When God tells us to love our enemies, He isn’t asking us to manufacture warm feelings. Godly love seeks a person’s eternal best. Love is displayed through action. Christ demonstrated ultimate love on the cross by dying for us while we were still enemies.
Love does what’s right. It seeks what’s best for all involved. Praying for the offender is one way to do this. Stopping to help when they experience trouble is another.
God told the Israelites to return their brother’s stray ox or donkey when they found it (Deuteronomy 22:1). If they found their enemy’s lost animal, they were to return it, too (Exodus 23:4). In other words, they were to always do what’s right.
If you return your brother’s lost property, you might stay and share a meal together. However, when you return your enemy’s stuff, you probably won’t stick around to socialize.
What Loving My Enemy Is Not
Loving your enemies doesn’t mean seeking a close relationship with them or tolerating evil. The second greatest commandment says to love your neighbor as you love yourself. Biblical love isn’t about placing ourselves in harm’s way anymore than shoving someone we love there. God calls us to be loving—and wise.
Be very careful, then, how you live—not as unwise but as wise” (Ephesians 5:15 NIV).
Unsafe people put kind people in awkward positions. It’s uncomfortable to live guarded. But we must practice caution with those who manipulate, deceive, and back-stab. We don’t do anyone a favor when we protect wrong-doers.
A young woman told me she felt guilty because she told her principal about a young man who kept bullying her. “I should have been able to shrug it off. He got into trouble, and it’s my fault.”
This woman had warned this bully many times to leave her alone. Yet she felt responsible because he blamed her when he reaped the consequences of his wrongs.
The instruction to love our enemies does not mean to tolerate sin or abuse. Permitting sin is not good for us or them. Love and boundaries go together. Real love hates wrong.
- “Don’t just pretend to love others. Really love them. Hate what is wrong. Hold tightly to what is good” (Romans 12:9 NLT).
- “Take no part in the worthless deeds of evil and darkness; instead, expose them” (Ephesians 5:11 NLT).
This young woman practiced biblical love when she revealed this young man’s dark deeds. Our enemies don’t define what love looks like. God does (Revelation 3:19).
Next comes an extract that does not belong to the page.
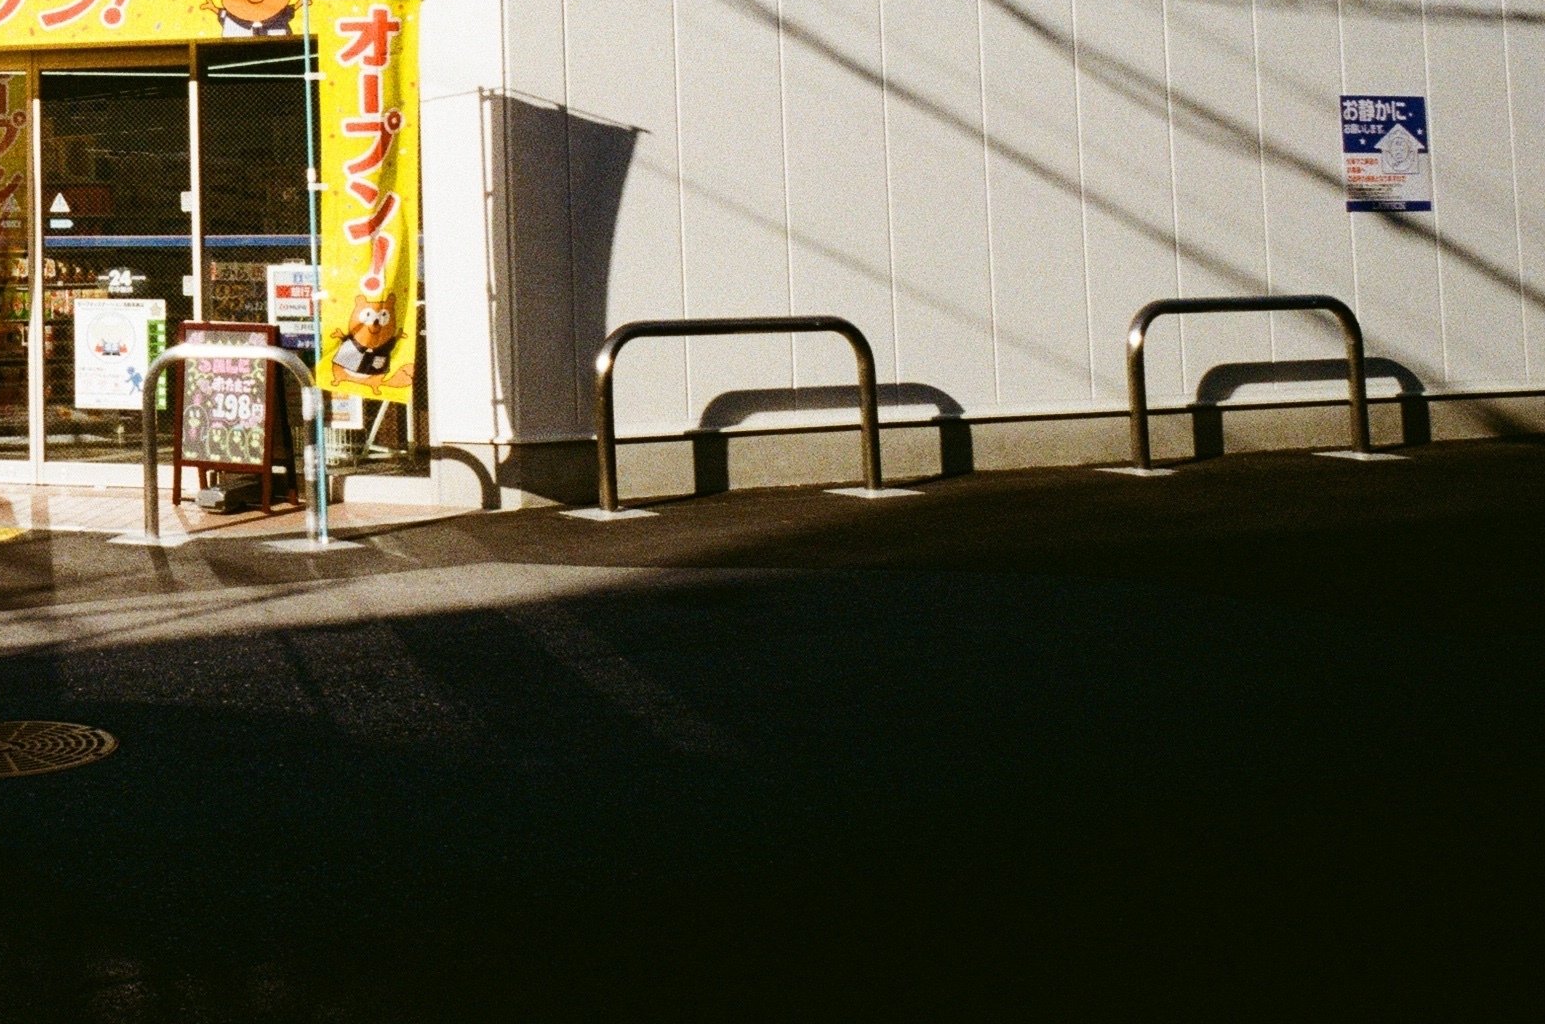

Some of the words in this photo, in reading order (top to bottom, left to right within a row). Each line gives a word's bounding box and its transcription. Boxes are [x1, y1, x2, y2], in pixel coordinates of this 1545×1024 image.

[1342, 99, 1406, 122] お静かに
[339, 8, 402, 289] オープン!
[108, 269, 132, 286] 24
Can I Set Boundaries and Still Love My Enemy?
Love sets protective boundaries and motivates me to say, “Your raging is not good for either of us. I’m going to my bedroom. When you’ve calmed down, I’ll hear your thoughts.” The Holy Spirit produces love and self-control.
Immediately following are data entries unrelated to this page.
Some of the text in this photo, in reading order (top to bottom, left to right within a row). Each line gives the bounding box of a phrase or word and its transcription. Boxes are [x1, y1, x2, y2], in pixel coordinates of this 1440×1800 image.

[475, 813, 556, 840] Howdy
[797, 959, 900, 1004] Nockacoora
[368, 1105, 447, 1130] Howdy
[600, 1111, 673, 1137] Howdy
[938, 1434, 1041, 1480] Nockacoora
David hid in caves to keep King Saul from killing him, even after King Saul confessed his wrong and asked David to return. Saul’s actions didn’t match his words. Yet, David refused to retaliate or curse Saul when the opportunity arose.
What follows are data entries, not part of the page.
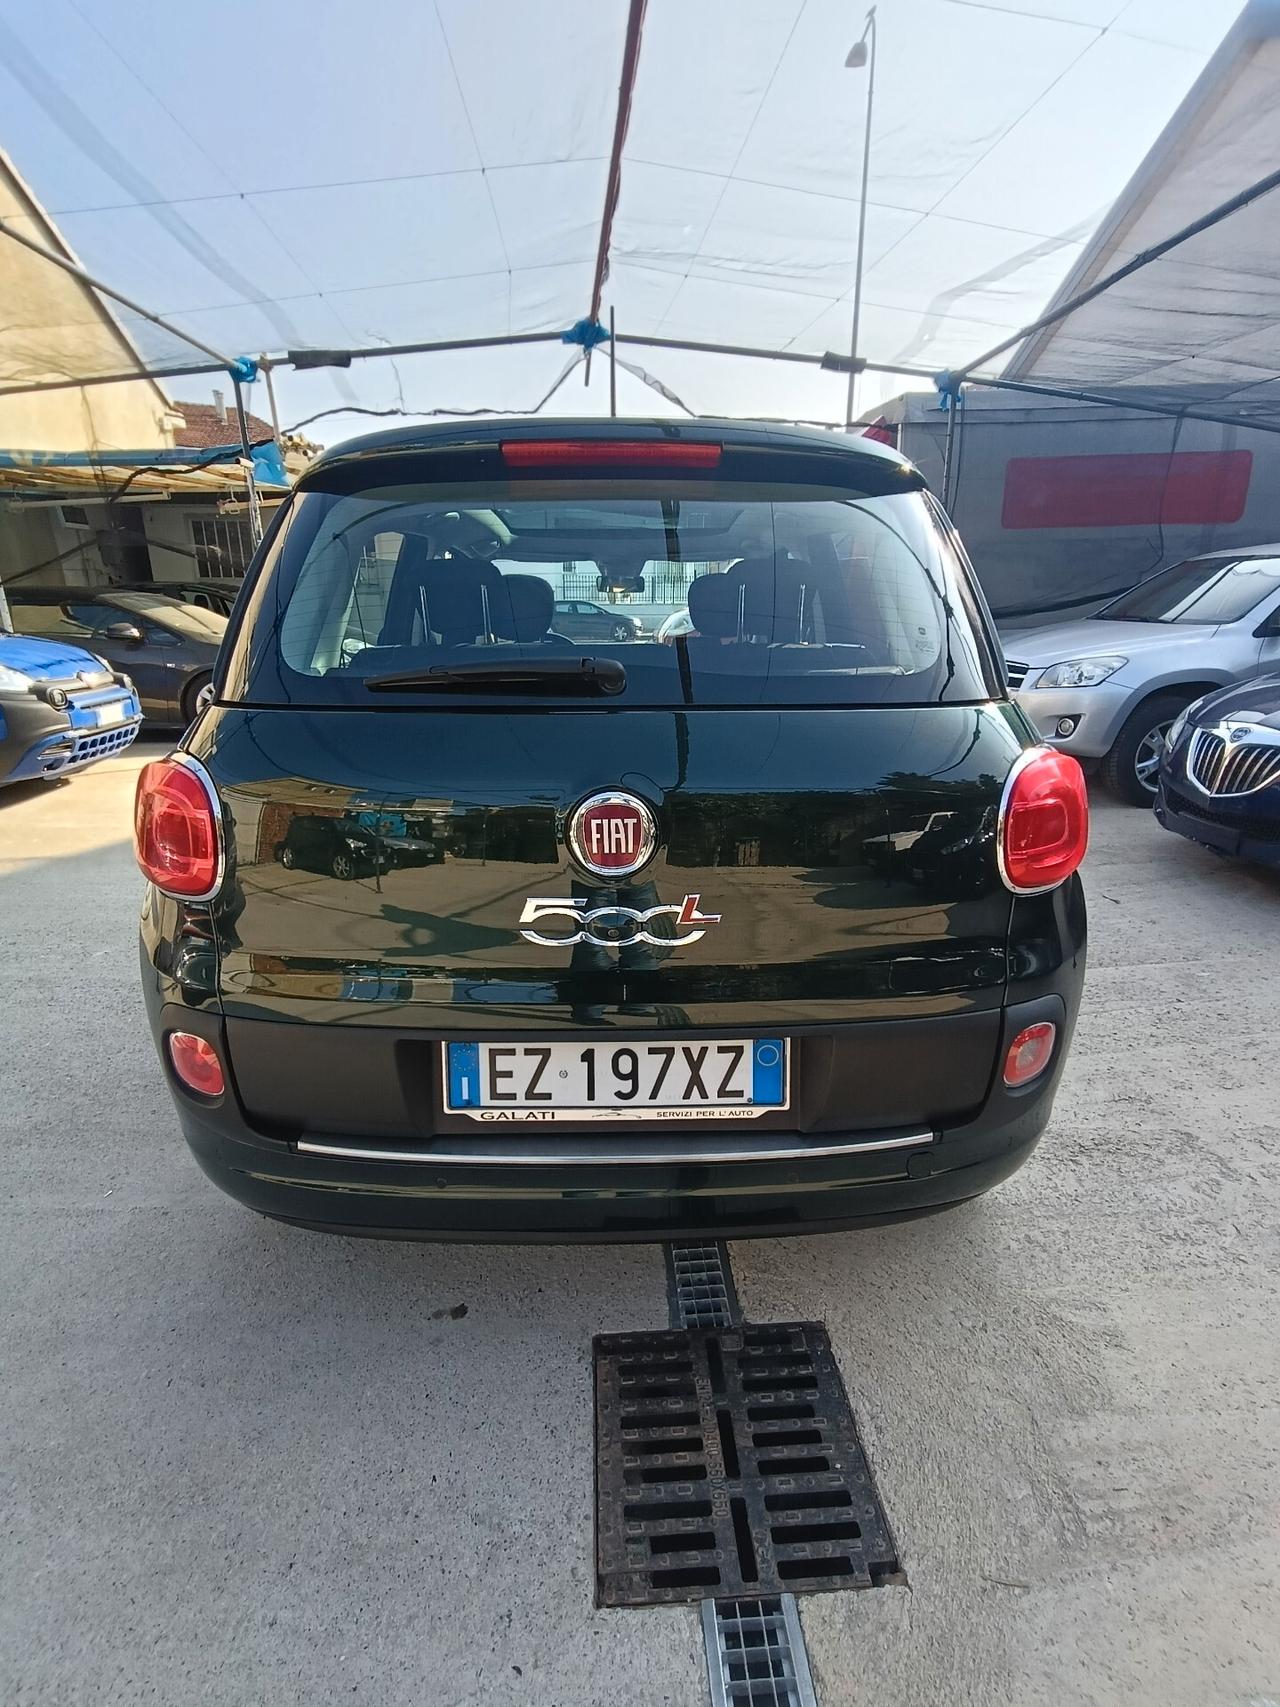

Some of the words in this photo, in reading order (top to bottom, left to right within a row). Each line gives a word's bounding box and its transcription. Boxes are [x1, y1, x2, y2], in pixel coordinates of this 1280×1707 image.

[591, 819, 637, 853] FIAT
[519, 894, 722, 947] 500L
[480, 1111, 556, 1121] GALATI
[656, 1110, 693, 1118] SERVIZI
[708, 1462, 729, 1518] 550X550
Jesus demonstrated the firm and soft sides of love. He blasted the Pharisees for their hypocrisy and refused to speak to Herod who had beheaded His cousin John the Baptist (Luke 23:9). Yet, He wept over Jerusalem and went to the cross for all of these men (Matthew 23:37).
Where Do I Find the Power to Love My Enemy?
God is love, and the Holy Spirit produces love through us when we submit to Him. With Christ ruling our hearts we no longer love based on how others act. We love based on who we are in Christ. Nobody can rock that.With Christ ruling our hearts we no longer love based on how others act. We love based on who we are in Christ. Nobody can rock that. #LoveYourEnemy Click To Tweet
Since our worth doesn’t come from what people think of us, our love doesn’t depend on how people treat us. We love them for their good—not to avoid feeling guilty or to win their approval.
God uses awkward relationships to turn us into awesome lovers. This love from God transforms us into people that can’t be manipulated by fear or guilt. As we obey the Romans 12:14 command to bless those who persecute us, power shifts from our enemy to us. They don’t control us; God does.
C. S. Lewis said, “Love is something more stern and splendid than mere kindness.” Let’s allow God to make us people who really love.